- **TASK**
Ignoring the images, restate the records below word for word.

- **DATA FOR PROCESSING**
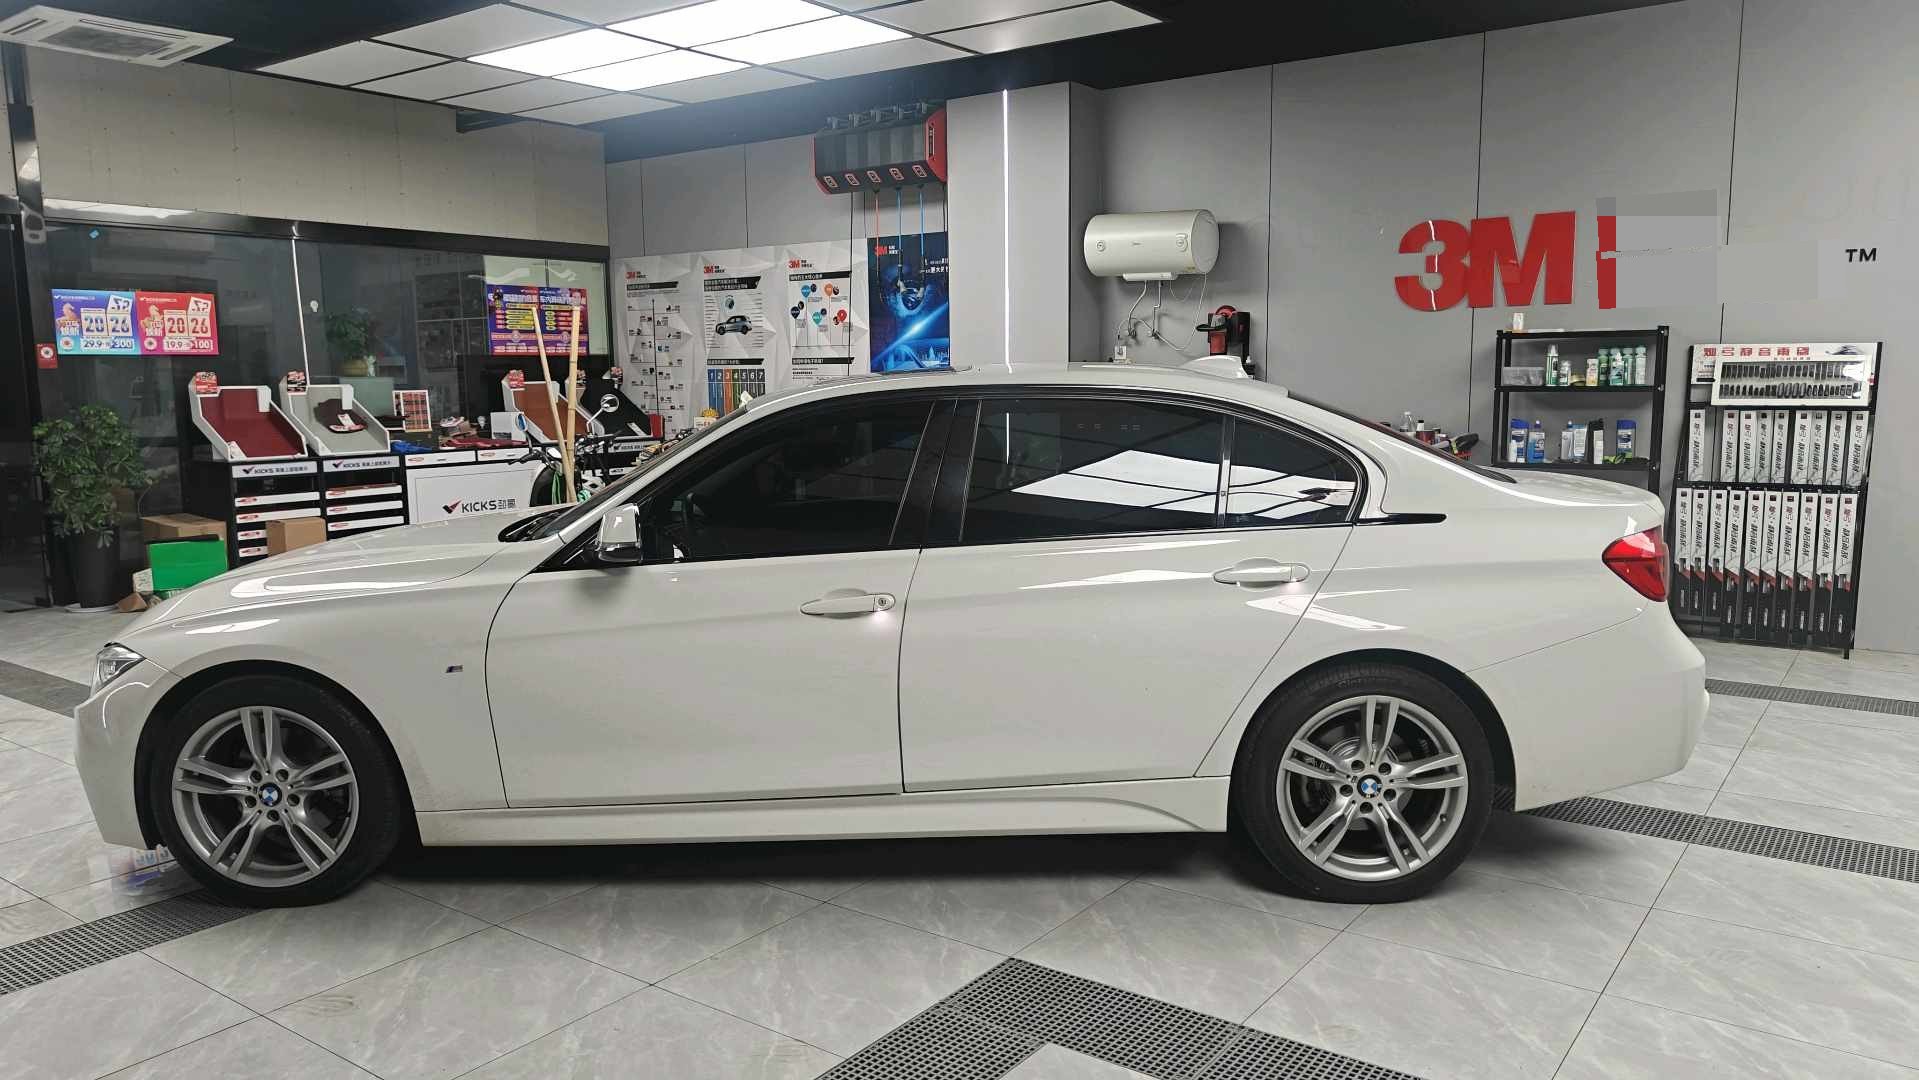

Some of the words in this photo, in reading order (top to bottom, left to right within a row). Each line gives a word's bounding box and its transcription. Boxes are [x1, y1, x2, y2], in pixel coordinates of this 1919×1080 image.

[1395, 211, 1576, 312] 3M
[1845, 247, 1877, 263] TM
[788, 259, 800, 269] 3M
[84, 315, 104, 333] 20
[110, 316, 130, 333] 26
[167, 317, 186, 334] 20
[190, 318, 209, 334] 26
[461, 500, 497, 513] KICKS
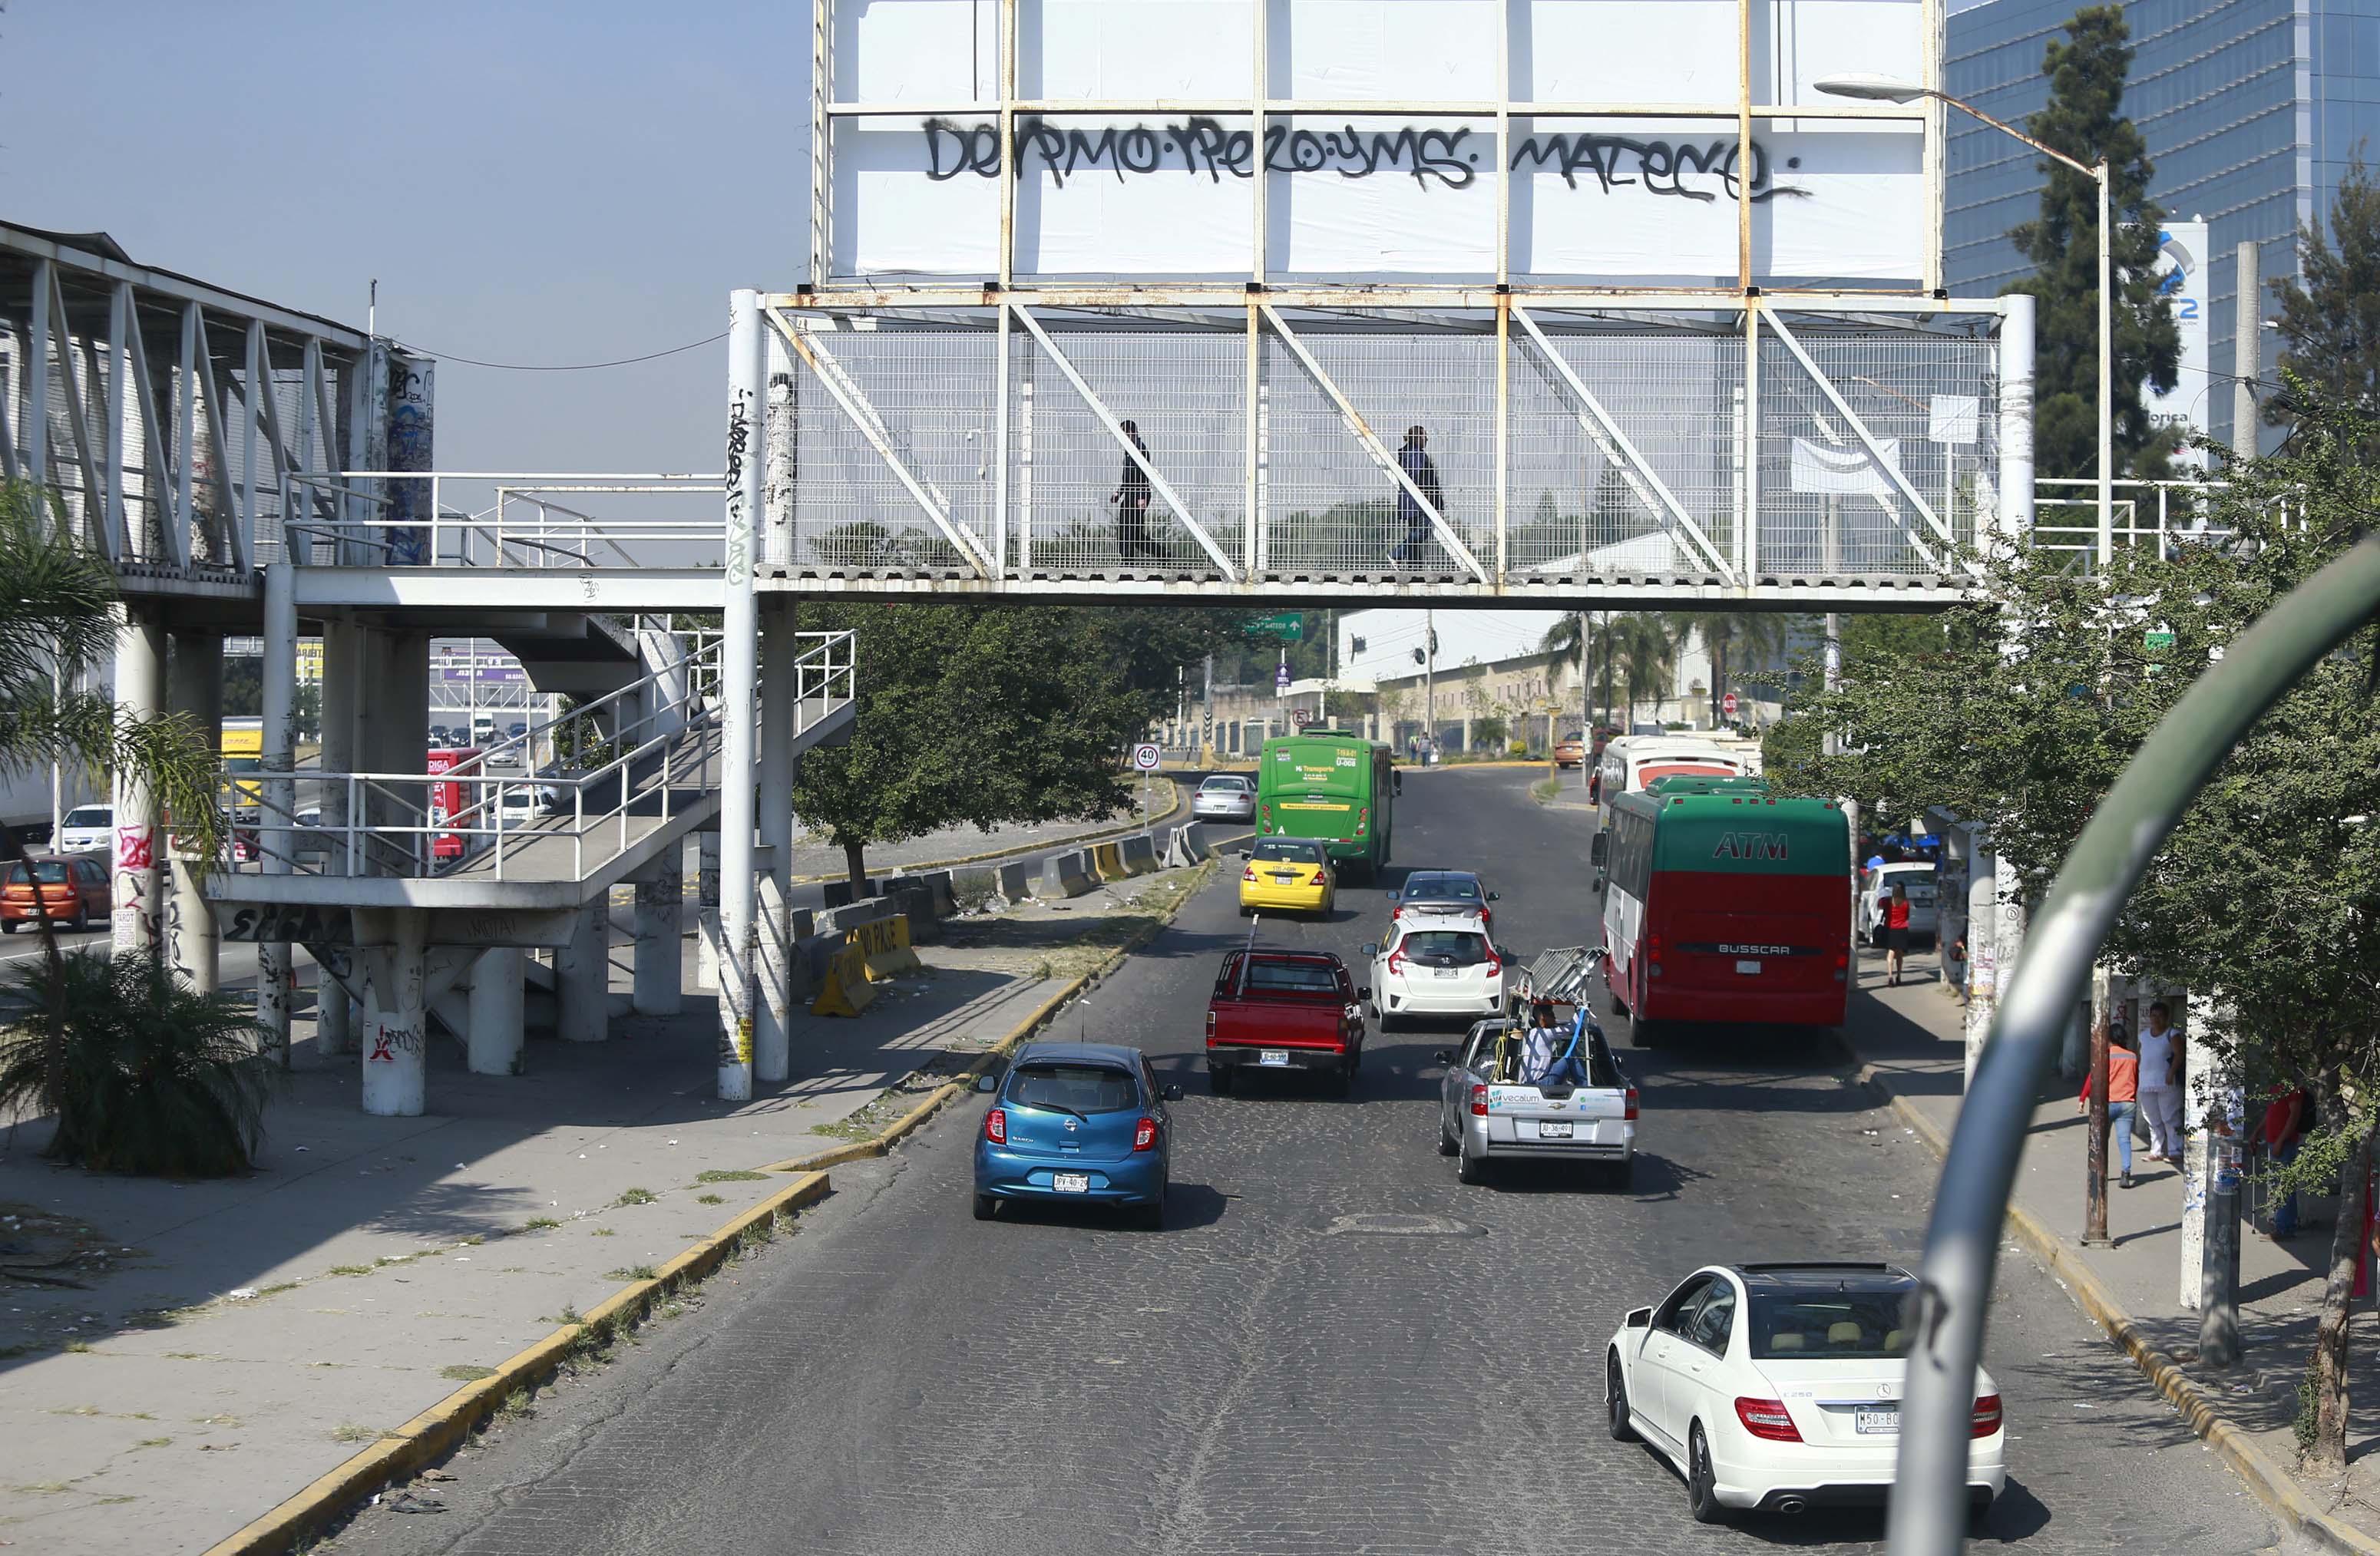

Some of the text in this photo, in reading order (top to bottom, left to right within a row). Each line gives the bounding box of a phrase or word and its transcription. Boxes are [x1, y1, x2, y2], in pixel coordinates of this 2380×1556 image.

- **WORKED SOLUTION**
Some of the words in this photo, in reading order (top to bottom, left to right within a row). Each line gives a word's bounding box and its transcription. Boxes are [x1, y1, x2, y2], in pixel coordinates of this 1919×1080 image.

[1395, 211, 1576, 312] 3M
[1845, 247, 1877, 263] TM
[788, 259, 800, 269] 3M
[84, 315, 104, 333] 20
[110, 316, 130, 333] 26
[167, 317, 186, 334] 20
[190, 318, 209, 334] 26
[461, 500, 497, 513] KICKS

Some of the text in this photo, in reading order (top to bottom, left to right within a row). Each line gives the bounding box of a phrase or word and its transcription. Boxes are [x1, y1, x2, y2], in pixel coordinates of this 2380×1556 image.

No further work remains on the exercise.